History of Reverse Osmosis

By | March 14, 2017

Reverse Osmosis system is a popular water filter system being adopted by numerous households and businesses nowadays. Indeed, having water filters for home is a necessity.  It has evolved to produce purified water that is being used in many other products in the global market. If you’re ever wondering why you’ve never heard of it yet, the answer is that it’s not a relatively old technology compared to other products we have at home.

Let’s have a quick history lesson as to how reverse osmosis came to be.

The Discovery of Osmosis

Naturally occurring osmosis was discovered way back in 1748 by a French clergyman and physicist who went by the name of Jean-Antoine Nollet. He argued that a solvent – water in this case – can be capable of passing through a semi-permeable membrane through what we now call “Osmosis.” He demonstrated this by replicating the process with the help of a pig’s bladder as a semi-permeable membrane, and two solutions with uneven concentration.  After that, the topic all but disappeared, until the late 1940s.

As the need required, people began to figure out a way to turn salty sea water into pure, potable drinking water. It was during the Kennedy administration that this shortage in water supply in the United States was addressed, and a renewed interest in the 200-year old discovery of osmosis took root.

The Birth of Reverse Osmosis

It took the researchers quite some time before they found a way to finally make good use of Nollet’s discovery to solve their water supply shortage. In 1959, Sidney Loeb and Snirivasa Sourirajan, two researchers who hailed from UCLA, turned cellulose acetate polymer into a fully functioning synthetic reverse osmosis membrane. This was such a monumental discovery in the area of reverse osmosis, since the membrane functioned like a filter which allowed water to pass through, but not salt and TDS. At a decent rate, fresh, potable water was produced. Not only that, but the membrane proved to be durable enough to perform its task under normal water pressure and standard operating conditions. This new technology worked in the opposite way that normal osmosis does, hence the name “Reverse Osmosis.”

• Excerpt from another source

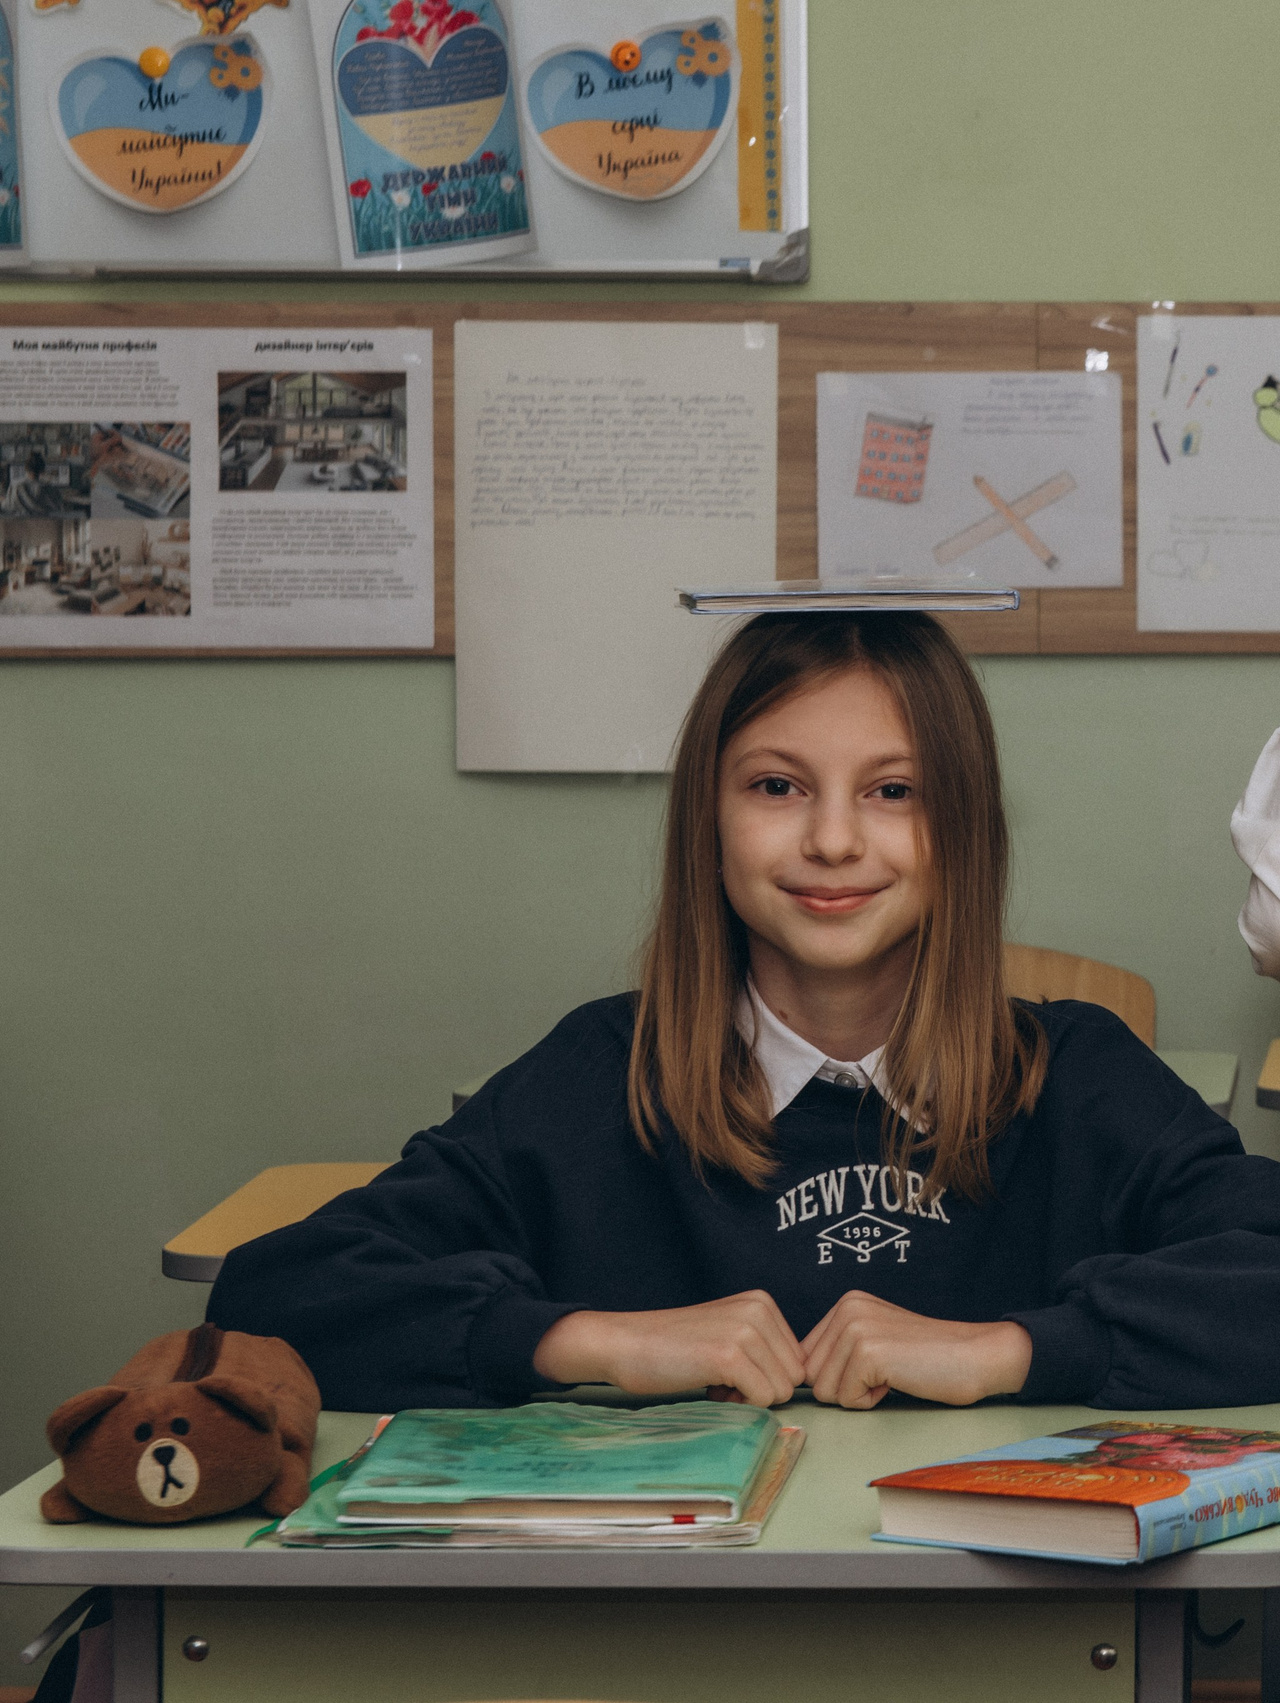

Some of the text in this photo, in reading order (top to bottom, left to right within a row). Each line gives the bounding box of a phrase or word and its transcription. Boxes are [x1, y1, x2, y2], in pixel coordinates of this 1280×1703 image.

The US soon acknowledged the importance of this discovery, and in 1965, the first commercial RO water system was built in Coalinga, California, and this staggering program of desalinating sea water began to attract many engineers and governments around the globe. This was led by Sidney Loeb, one of the parents of reverse osmosis, and Joseph W. McCutchan. After that, many more programs as well as water filtration systems followed suit, and more advancement in the field sprung up.

Today, we are reaping the benefits from the hard work of these geniuses who laboured to convert sea water and brackish water into clear, potable drinking water, which by the way, is also being used in the production of many different processes, products and services around the world. With the massive desertification that is happening, and more factories emitting toxic wastes into the environment, freshwater sources are getting scarcer, thus the need for efficient water filter systems. Many of us might not be aware of the growing need for a reverse osmosis water filter here in UK, but with the health threats that various pollutants in the environment pose, it will not hurt to avail yourself of RO unit.